─── Data to process
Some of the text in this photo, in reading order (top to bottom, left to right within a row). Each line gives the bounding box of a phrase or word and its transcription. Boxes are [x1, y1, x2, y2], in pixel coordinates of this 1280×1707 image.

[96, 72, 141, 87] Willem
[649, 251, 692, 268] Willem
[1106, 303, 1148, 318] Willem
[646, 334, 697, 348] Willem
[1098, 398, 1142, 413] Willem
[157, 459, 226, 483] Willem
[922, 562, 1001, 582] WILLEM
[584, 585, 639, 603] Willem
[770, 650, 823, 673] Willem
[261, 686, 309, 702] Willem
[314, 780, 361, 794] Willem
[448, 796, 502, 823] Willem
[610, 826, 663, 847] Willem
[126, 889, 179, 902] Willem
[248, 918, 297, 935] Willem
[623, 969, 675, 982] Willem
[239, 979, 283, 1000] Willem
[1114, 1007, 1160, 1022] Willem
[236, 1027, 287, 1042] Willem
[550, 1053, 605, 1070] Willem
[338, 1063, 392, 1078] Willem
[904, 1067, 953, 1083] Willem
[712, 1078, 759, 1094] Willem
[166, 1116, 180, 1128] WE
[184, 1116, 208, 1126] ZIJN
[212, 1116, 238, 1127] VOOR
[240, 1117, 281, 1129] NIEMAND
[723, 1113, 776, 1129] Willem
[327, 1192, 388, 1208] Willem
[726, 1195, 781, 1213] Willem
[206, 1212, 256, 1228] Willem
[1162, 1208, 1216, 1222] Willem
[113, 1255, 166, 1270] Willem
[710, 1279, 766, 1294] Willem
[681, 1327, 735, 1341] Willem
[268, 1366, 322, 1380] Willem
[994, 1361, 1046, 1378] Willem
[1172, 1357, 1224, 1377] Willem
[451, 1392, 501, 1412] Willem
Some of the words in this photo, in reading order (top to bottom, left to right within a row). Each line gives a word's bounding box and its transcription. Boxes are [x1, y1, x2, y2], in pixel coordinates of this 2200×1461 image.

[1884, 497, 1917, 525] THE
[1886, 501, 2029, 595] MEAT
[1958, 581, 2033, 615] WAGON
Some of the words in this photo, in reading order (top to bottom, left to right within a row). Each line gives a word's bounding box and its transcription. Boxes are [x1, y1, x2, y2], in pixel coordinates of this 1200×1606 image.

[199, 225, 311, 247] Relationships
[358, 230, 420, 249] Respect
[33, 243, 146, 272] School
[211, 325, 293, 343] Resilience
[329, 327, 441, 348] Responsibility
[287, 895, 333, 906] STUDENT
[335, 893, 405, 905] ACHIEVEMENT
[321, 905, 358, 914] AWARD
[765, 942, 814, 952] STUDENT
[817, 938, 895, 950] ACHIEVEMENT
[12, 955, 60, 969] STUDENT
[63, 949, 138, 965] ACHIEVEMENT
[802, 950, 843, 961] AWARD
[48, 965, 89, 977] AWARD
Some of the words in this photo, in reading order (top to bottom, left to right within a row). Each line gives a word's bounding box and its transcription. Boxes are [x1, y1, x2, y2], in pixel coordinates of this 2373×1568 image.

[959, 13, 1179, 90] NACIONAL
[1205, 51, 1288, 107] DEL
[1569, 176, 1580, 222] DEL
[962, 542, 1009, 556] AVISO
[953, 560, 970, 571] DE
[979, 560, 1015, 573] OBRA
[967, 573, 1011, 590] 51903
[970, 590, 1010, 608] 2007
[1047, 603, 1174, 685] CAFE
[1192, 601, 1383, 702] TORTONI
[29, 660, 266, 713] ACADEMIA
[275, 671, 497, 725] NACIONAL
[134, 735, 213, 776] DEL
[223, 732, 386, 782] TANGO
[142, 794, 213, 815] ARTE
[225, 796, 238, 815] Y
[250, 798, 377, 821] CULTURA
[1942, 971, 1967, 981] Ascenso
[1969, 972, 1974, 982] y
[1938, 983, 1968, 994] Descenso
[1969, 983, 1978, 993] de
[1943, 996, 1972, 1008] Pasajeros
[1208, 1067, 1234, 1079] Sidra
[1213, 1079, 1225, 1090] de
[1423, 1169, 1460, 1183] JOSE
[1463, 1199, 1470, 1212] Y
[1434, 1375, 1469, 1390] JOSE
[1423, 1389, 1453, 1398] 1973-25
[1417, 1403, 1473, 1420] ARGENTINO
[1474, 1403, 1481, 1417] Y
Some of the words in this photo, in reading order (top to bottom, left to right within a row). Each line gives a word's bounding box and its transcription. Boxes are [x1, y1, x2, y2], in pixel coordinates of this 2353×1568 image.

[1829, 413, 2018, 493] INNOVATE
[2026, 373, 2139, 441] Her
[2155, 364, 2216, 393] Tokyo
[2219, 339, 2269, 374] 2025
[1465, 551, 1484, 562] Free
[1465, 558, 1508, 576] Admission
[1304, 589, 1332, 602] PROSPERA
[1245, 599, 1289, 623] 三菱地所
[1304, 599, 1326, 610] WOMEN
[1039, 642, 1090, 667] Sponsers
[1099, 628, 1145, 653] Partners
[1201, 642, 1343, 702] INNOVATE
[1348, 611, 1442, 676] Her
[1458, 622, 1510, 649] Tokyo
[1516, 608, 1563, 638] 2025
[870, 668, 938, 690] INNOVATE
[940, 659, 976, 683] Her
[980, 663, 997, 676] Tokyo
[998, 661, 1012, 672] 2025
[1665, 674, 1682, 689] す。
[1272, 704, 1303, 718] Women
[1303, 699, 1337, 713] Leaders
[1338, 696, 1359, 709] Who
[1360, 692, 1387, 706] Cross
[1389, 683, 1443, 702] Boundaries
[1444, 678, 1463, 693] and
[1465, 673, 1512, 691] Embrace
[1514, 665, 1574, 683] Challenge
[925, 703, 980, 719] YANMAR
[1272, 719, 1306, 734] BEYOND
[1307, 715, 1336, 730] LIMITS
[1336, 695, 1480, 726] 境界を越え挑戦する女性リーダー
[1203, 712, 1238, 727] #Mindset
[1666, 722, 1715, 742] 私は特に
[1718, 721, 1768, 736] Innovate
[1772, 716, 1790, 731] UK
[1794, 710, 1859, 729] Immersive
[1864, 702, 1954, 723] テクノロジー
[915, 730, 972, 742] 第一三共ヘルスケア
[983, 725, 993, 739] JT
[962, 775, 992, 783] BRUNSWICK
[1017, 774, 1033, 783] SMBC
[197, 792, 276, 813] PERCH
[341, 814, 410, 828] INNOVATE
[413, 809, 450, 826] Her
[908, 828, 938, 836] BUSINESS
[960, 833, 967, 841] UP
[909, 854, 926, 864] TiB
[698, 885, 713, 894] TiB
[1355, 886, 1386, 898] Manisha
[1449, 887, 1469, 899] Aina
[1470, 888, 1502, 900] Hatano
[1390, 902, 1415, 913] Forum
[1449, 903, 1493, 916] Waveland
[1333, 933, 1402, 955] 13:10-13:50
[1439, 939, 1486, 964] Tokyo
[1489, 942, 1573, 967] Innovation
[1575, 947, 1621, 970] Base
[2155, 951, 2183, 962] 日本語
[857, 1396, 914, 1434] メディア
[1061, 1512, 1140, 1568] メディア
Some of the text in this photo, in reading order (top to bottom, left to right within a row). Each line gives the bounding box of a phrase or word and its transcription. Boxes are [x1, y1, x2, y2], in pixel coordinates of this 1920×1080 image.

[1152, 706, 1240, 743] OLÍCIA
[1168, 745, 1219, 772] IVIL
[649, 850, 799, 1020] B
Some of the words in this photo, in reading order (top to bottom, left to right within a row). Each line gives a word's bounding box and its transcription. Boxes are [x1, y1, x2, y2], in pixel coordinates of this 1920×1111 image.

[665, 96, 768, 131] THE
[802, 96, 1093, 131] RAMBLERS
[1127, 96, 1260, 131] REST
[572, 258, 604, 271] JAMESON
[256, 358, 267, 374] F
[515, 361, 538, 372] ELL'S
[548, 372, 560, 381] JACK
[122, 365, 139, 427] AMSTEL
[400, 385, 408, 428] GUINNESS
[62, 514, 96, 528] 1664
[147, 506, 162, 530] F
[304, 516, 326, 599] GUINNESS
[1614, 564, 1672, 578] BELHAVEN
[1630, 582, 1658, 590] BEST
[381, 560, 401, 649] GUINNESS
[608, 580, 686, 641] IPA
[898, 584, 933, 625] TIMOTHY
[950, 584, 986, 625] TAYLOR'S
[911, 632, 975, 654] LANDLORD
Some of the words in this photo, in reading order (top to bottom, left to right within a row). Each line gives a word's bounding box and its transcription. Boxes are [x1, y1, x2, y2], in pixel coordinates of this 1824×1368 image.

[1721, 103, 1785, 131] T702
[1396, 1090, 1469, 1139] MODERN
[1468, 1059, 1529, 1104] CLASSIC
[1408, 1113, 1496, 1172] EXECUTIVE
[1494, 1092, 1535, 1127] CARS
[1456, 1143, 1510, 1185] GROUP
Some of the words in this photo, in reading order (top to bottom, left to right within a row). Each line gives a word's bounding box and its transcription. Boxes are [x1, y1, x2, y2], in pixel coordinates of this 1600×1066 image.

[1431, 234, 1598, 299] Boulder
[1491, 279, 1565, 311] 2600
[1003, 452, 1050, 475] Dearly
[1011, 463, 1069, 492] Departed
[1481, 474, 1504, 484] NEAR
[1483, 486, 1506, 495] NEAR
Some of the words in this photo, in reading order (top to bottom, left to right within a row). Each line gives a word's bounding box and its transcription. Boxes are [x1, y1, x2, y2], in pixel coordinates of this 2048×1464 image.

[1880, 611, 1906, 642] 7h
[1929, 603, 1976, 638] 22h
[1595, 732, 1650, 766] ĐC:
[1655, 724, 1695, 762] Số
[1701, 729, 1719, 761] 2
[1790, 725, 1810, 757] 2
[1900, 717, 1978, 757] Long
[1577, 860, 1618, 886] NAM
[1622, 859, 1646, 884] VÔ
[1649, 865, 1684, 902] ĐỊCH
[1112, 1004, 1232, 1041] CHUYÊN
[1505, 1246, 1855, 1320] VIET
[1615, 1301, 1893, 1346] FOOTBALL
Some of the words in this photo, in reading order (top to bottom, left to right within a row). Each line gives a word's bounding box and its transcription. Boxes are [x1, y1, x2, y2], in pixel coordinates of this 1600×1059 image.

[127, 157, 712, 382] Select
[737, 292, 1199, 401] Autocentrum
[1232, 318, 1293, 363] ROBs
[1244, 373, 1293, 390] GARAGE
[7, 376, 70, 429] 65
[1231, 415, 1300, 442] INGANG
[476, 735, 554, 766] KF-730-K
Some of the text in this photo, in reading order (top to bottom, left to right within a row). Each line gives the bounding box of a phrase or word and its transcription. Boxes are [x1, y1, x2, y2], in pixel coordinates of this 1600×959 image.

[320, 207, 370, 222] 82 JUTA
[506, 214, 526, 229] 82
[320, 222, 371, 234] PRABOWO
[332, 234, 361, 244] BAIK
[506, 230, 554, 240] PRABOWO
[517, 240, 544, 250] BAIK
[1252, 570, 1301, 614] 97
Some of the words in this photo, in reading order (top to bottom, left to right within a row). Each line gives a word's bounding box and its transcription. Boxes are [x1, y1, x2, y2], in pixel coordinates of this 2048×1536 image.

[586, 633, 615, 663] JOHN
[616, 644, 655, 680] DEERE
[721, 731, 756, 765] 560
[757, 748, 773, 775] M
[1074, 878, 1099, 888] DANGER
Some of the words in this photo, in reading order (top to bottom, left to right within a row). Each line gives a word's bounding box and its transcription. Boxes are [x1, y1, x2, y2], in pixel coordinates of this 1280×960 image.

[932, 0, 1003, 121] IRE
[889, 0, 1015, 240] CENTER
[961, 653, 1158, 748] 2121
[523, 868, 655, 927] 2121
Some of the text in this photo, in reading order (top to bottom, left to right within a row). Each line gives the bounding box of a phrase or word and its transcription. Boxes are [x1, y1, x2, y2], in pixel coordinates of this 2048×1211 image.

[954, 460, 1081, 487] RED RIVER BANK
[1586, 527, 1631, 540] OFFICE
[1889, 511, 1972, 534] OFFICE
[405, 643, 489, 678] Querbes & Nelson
──────
*Work to be completed*. Quote only the lines from the one containing "this 1280×960 image." through the final line of the records, with both ends included.

*Reply to the exercise*.
Some of the words in this photo, in reading order (top to bottom, left to right within a row). Each line gives a word's bounding box and its transcription. Boxes are [x1, y1, x2, y2], in pixel coordinates of this 1280×960 image.

[932, 0, 1003, 121] IRE
[889, 0, 1015, 240] CENTER
[961, 653, 1158, 748] 2121
[523, 868, 655, 927] 2121
Some of the text in this photo, in reading order (top to bottom, left to right within a row). Each line gives the bounding box of a phrase or word and its transcription. Boxes are [x1, y1, x2, y2], in pixel coordinates of this 2048×1211 image.

[954, 460, 1081, 487] RED RIVER BANK
[1586, 527, 1631, 540] OFFICE
[1889, 511, 1972, 534] OFFICE
[405, 643, 489, 678] Querbes & Nelson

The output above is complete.